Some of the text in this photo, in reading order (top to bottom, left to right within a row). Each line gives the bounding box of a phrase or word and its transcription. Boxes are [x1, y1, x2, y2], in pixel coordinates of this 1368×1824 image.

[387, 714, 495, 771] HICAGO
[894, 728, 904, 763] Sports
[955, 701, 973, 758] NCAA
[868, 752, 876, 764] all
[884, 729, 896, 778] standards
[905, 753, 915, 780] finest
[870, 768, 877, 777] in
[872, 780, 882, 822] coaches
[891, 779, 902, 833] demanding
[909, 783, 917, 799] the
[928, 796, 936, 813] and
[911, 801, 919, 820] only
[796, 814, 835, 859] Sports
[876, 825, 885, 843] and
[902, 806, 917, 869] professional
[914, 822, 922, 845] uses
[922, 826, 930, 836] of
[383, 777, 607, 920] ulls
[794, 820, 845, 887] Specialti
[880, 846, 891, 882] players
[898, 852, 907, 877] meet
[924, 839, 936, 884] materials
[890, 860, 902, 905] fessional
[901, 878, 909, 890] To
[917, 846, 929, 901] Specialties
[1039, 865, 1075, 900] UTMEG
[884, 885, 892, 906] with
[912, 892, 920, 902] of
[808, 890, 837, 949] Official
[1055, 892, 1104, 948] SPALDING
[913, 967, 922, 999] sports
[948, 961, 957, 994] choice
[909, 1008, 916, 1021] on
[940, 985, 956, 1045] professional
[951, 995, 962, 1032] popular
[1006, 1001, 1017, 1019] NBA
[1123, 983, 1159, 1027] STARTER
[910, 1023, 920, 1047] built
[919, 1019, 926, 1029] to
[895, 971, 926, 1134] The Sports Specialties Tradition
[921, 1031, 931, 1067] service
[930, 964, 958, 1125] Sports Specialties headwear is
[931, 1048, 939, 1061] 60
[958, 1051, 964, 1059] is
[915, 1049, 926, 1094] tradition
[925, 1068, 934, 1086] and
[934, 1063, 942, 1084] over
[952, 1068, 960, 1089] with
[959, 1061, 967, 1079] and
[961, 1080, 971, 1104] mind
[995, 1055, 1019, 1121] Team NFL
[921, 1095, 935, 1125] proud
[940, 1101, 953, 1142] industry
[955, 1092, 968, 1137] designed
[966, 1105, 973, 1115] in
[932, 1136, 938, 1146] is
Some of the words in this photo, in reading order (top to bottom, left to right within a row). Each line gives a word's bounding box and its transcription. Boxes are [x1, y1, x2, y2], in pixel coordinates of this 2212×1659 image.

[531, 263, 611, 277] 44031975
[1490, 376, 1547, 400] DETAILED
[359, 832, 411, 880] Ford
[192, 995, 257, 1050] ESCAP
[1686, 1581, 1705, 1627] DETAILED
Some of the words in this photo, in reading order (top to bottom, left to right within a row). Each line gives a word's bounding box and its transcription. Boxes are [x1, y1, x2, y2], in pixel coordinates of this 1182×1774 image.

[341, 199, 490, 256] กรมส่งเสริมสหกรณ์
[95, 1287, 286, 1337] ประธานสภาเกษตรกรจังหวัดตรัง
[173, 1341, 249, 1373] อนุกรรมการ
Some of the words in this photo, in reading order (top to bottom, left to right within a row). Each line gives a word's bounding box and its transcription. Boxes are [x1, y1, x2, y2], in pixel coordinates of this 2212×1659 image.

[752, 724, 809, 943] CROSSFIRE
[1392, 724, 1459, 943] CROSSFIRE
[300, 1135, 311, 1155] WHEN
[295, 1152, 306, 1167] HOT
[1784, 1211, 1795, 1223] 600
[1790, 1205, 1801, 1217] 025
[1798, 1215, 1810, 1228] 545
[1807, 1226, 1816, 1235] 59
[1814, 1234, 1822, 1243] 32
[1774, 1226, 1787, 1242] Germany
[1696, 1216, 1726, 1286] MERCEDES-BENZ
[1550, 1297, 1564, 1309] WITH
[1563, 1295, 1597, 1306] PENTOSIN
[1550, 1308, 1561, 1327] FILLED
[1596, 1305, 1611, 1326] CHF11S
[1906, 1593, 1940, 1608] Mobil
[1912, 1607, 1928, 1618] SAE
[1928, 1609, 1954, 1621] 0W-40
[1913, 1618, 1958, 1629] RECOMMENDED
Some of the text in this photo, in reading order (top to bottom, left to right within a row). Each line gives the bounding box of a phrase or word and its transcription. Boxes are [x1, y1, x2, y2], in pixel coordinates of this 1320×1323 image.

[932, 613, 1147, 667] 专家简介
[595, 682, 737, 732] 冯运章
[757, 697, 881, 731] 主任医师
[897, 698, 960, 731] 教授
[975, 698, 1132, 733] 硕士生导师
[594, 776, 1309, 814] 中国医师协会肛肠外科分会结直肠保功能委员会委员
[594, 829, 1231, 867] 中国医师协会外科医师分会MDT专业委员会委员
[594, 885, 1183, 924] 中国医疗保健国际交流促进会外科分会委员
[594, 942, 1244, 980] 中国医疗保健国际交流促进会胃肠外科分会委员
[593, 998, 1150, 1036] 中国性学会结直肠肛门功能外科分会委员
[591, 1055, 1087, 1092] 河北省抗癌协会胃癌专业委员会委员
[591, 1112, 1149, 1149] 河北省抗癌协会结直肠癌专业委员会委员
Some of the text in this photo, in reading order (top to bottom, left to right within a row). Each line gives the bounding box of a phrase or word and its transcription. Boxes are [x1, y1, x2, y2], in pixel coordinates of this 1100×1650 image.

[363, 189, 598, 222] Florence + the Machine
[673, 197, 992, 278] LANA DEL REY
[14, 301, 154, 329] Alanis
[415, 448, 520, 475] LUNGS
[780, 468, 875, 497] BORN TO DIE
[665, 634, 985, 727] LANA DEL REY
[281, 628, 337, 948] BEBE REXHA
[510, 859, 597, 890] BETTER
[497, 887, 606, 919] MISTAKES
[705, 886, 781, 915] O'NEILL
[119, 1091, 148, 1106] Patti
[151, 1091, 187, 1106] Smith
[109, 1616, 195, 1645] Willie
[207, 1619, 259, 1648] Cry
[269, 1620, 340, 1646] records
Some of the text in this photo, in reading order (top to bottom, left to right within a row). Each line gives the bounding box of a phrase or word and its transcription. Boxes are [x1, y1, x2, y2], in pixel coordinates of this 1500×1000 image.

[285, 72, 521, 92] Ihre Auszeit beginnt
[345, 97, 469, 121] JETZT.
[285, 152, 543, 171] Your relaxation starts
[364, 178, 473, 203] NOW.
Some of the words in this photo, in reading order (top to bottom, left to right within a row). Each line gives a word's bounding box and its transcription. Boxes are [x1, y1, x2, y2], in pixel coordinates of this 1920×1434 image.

○ ○ ○

▶ [Exercise instructions]
Transcribe every entry exactly.

▶ [Answer to the problem]
Some of the text in this photo, in reading order (top to bottom, left to right within a row). Each line gives the bounding box of a phrase or word and its transcription. Boxes are [x1, y1, x2, y2], in pixel coordinates of this 1368×1824 image.

[387, 714, 495, 771] HICAGO
[894, 728, 904, 763] Sports
[955, 701, 973, 758] NCAA
[868, 752, 876, 764] all
[884, 729, 896, 778] standards
[905, 753, 915, 780] finest
[870, 768, 877, 777] in
[872, 780, 882, 822] coaches
[891, 779, 902, 833] demanding
[909, 783, 917, 799] the
[928, 796, 936, 813] and
[911, 801, 919, 820] only
[796, 814, 835, 859] Sports
[876, 825, 885, 843] and
[902, 806, 917, 869] professional
[914, 822, 922, 845] uses
[922, 826, 930, 836] of
[383, 777, 607, 920] ulls
[794, 820, 845, 887] Specialti
[880, 846, 891, 882] players
[898, 852, 907, 877] meet
[924, 839, 936, 884] materials
[890, 860, 902, 905] fessional
[901, 878, 909, 890] To
[917, 846, 929, 901] Specialties
[1039, 865, 1075, 900] UTMEG
[884, 885, 892, 906] with
[912, 892, 920, 902] of
[808, 890, 837, 949] Official
[1055, 892, 1104, 948] SPALDING
[913, 967, 922, 999] sports
[948, 961, 957, 994] choice
[909, 1008, 916, 1021] on
[940, 985, 956, 1045] professional
[951, 995, 962, 1032] popular
[1006, 1001, 1017, 1019] NBA
[1123, 983, 1159, 1027] STARTER
[910, 1023, 920, 1047] built
[919, 1019, 926, 1029] to
[895, 971, 926, 1134] The Sports Specialties Tradition
[921, 1031, 931, 1067] service
[930, 964, 958, 1125] Sports Specialties headwear is
[931, 1048, 939, 1061] 60
[958, 1051, 964, 1059] is
[915, 1049, 926, 1094] tradition
[925, 1068, 934, 1086] and
[934, 1063, 942, 1084] over
[952, 1068, 960, 1089] with
[959, 1061, 967, 1079] and
[961, 1080, 971, 1104] mind
[995, 1055, 1019, 1121] Team NFL
[921, 1095, 935, 1125] proud
[940, 1101, 953, 1142] industry
[955, 1092, 968, 1137] designed
[966, 1105, 973, 1115] in
[932, 1136, 938, 1146] is
Some of the words in this photo, in reading order (top to bottom, left to right within a row). Each line gives a word's bounding box and its transcription. Boxes are [x1, y1, x2, y2], in pixel coordinates of this 2212×1659 image.

[531, 263, 611, 277] 44031975
[1490, 376, 1547, 400] DETAILED
[359, 832, 411, 880] Ford
[192, 995, 257, 1050] ESCAP
[1686, 1581, 1705, 1627] DETAILED
Some of the words in this photo, in reading order (top to bottom, left to right within a row). Each line gives a word's bounding box and its transcription. Boxes are [x1, y1, x2, y2], in pixel coordinates of this 1182×1774 image.

[341, 199, 490, 256] กรมส่งเสริมสหกรณ์
[95, 1287, 286, 1337] ประธานสภาเกษตรกรจังหวัดตรัง
[173, 1341, 249, 1373] อนุกรรมการ
Some of the words in this photo, in reading order (top to bottom, left to right within a row). Each line gives a word's bounding box and its transcription. Boxes are [x1, y1, x2, y2], in pixel coordinates of this 2212×1659 image.

[752, 724, 809, 943] CROSSFIRE
[1392, 724, 1459, 943] CROSSFIRE
[300, 1135, 311, 1155] WHEN
[295, 1152, 306, 1167] HOT
[1784, 1211, 1795, 1223] 600
[1790, 1205, 1801, 1217] 025
[1798, 1215, 1810, 1228] 545
[1807, 1226, 1816, 1235] 59
[1814, 1234, 1822, 1243] 32
[1774, 1226, 1787, 1242] Germany
[1696, 1216, 1726, 1286] MERCEDES-BENZ
[1550, 1297, 1564, 1309] WITH
[1563, 1295, 1597, 1306] PENTOSIN
[1550, 1308, 1561, 1327] FILLED
[1596, 1305, 1611, 1326] CHF11S
[1906, 1593, 1940, 1608] Mobil
[1912, 1607, 1928, 1618] SAE
[1928, 1609, 1954, 1621] 0W-40
[1913, 1618, 1958, 1629] RECOMMENDED
Some of the text in this photo, in reading order (top to bottom, left to right within a row). Each line gives the bounding box of a phrase or word and its transcription. Boxes are [x1, y1, x2, y2], in pixel coordinates of this 1320×1323 image.

[932, 613, 1147, 667] 专家简介
[595, 682, 737, 732] 冯运章
[757, 697, 881, 731] 主任医师
[897, 698, 960, 731] 教授
[975, 698, 1132, 733] 硕士生导师
[594, 776, 1309, 814] 中国医师协会肛肠外科分会结直肠保功能委员会委员
[594, 829, 1231, 867] 中国医师协会外科医师分会MDT专业委员会委员
[594, 885, 1183, 924] 中国医疗保健国际交流促进会外科分会委员
[594, 942, 1244, 980] 中国医疗保健国际交流促进会胃肠外科分会委员
[593, 998, 1150, 1036] 中国性学会结直肠肛门功能外科分会委员
[591, 1055, 1087, 1092] 河北省抗癌协会胃癌专业委员会委员
[591, 1112, 1149, 1149] 河北省抗癌协会结直肠癌专业委员会委员
Some of the text in this photo, in reading order (top to bottom, left to right within a row). Each line gives the bounding box of a phrase or word and its transcription. Boxes are [x1, y1, x2, y2], in pixel coordinates of this 1100×1650 image.

[363, 189, 598, 222] Florence + the Machine
[673, 197, 992, 278] LANA DEL REY
[14, 301, 154, 329] Alanis
[415, 448, 520, 475] LUNGS
[780, 468, 875, 497] BORN TO DIE
[665, 634, 985, 727] LANA DEL REY
[281, 628, 337, 948] BEBE REXHA
[510, 859, 597, 890] BETTER
[497, 887, 606, 919] MISTAKES
[705, 886, 781, 915] O'NEILL
[119, 1091, 148, 1106] Patti
[151, 1091, 187, 1106] Smith
[109, 1616, 195, 1645] Willie
[207, 1619, 259, 1648] Cry
[269, 1620, 340, 1646] records
Some of the text in this photo, in reading order (top to bottom, left to right within a row). Each line gives the bounding box of a phrase or word and its transcription. Boxes are [x1, y1, x2, y2], in pixel coordinates of this 1500×1000 image.

[285, 72, 521, 92] Ihre Auszeit beginnt
[345, 97, 469, 121] JETZT.
[285, 152, 543, 171] Your relaxation starts
[364, 178, 473, 203] NOW.
Some of the words in this photo, in reading order (top to bottom, left to right within a row). Each line gives a word's bounding box and its transcription. Boxes are [x1, y1, x2, y2], in pixel coordinates of this 1920×1434 image.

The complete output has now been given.